=== What you will do ===
Write out each record below exactly, without pictures.

Stored data entries:
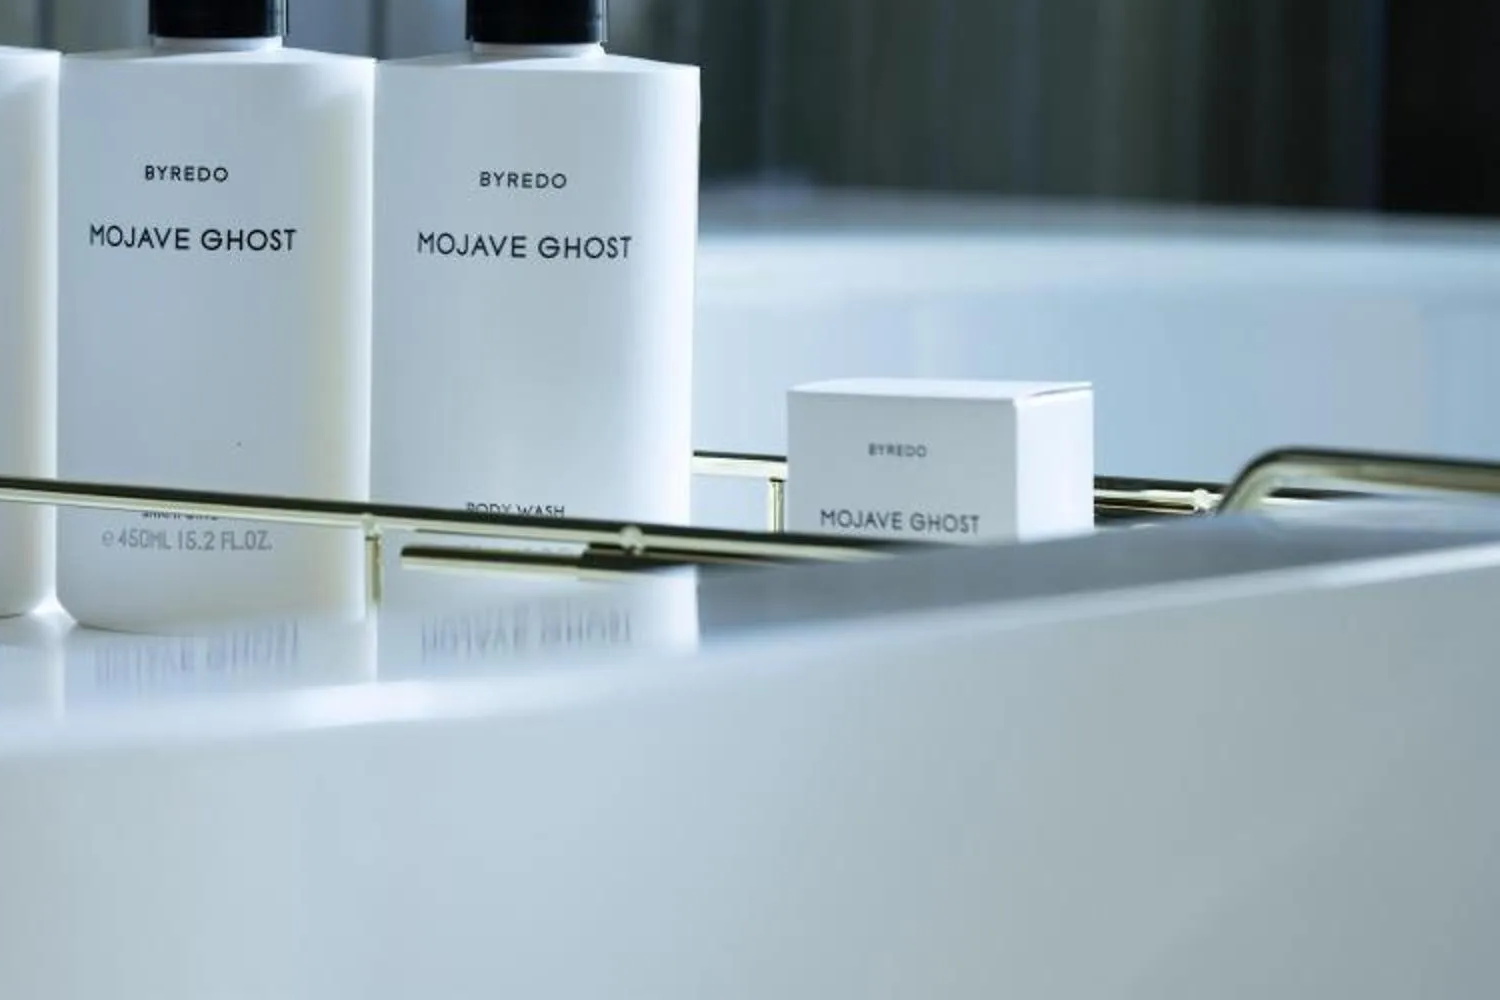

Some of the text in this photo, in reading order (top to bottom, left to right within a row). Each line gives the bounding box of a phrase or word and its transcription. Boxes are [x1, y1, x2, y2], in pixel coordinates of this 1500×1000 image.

[143, 164, 229, 184] BYREDO
[478, 170, 568, 190] BYREDO
[89, 223, 298, 252] MOJAVE GHOST
[416, 231, 633, 260] MOJAVE GHOST
[868, 442, 928, 459] BYREDO
[819, 508, 980, 535] MOJAVE GHOST
[177, 530, 215, 550] 15.2

=== Solution to the problem ===
Some of the text in this photo, in reading order (top to bottom, left to right within a row). Each line gives the bounding box of a phrase or word and its transcription. Boxes are [x1, y1, x2, y2], in pixel coordinates of this 1500×1000 image.

[143, 164, 229, 184] BYREDO
[478, 170, 568, 190] BYREDO
[89, 223, 298, 252] MOJAVE GHOST
[416, 231, 633, 260] MOJAVE GHOST
[868, 442, 928, 459] BYREDO
[819, 508, 980, 535] MOJAVE GHOST
[177, 530, 215, 550] 15.2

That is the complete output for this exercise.